The program estimates the covariance matrix that can be used for PCA.

==== Estimating Individual Allele Frequencies ====

<code>$PCANGSD -beagle $IN_DIR/Demo1input.gz -o $OUT_DIR/Demo1PCANGSD</code>

Plot the results in R

<pre>
#open R
pop<-read.table("pop.info")
C <- as.matrix(read.table("Demo1PCANGSD.cov"))
e <- eigen(C)

pdf("PCAngsd1.pdf")
plot(e$vectors[,1:2],col=pop[,1],xlab="PC1",ylab="PC2", main="individual allele frequency")
legend("top",fill=1:5,levels(pop[,1]))
dev.off()
## close R
</pre>

To view the plot, type:

<code>evince PCAngsd1.pdf</code>

==== Without Estimating Individual Allele Frequencies ====

Try the same analysis but without estimating individual allele frequencies.
This is the same as using the first iteration of the algorithm.

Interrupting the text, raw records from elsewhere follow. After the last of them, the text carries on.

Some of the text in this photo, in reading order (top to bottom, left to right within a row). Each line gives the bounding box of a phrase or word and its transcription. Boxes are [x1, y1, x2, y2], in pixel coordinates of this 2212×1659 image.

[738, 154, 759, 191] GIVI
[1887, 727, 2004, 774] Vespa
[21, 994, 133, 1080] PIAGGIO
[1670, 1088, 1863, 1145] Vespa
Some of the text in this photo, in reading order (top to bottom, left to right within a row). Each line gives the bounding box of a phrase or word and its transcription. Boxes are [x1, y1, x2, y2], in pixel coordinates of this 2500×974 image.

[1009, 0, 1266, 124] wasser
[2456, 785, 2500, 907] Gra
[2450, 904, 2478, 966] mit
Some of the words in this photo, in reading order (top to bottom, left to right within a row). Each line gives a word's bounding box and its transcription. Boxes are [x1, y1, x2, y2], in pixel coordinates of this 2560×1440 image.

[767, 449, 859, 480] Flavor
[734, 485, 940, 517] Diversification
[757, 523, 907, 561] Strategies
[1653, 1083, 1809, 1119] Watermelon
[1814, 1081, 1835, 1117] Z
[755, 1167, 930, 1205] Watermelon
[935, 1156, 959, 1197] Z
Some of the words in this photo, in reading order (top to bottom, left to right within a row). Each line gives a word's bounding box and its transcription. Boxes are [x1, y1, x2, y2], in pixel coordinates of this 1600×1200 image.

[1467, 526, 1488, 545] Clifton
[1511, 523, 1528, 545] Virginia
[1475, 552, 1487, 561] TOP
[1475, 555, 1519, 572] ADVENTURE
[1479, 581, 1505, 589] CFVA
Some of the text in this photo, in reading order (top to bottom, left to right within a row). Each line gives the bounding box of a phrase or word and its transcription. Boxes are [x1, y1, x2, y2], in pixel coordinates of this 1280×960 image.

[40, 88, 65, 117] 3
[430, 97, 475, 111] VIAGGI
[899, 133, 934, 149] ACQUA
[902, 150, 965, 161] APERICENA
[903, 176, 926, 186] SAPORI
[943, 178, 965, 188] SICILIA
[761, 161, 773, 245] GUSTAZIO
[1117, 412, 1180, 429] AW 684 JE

<code>$PCANGSD -beagle $IN_DIR/Demo1input.gz -o $OUT_DIR/Demo2PCANGSD -iter 0</code>

Plot the results in R

<pre>
#open R
pop<-read.table("pop.info")
C <- as.matrix(read.table("Demo2PCANGSD.cov"))
e <- eigen(C)

pdf("PCAngsd2.pdf")
plot(e$vectors[,1:2],col=pop[,1],xlab="PC1",ylab="PC2",main="joint allele frequency")
legend("top",fill=1:5,levels(pop[,1]))
dev.off()
## close R
</pre>

To view the plot, type:

<code>evince PCAngsd2.pdf</code>

==== Admixture based on 1st two PC ====
Let's try to use the PCA to infer admixture proportions based on the first 2 principal components. For the optimization we will use a small penalty on the admixture proportions (alpha).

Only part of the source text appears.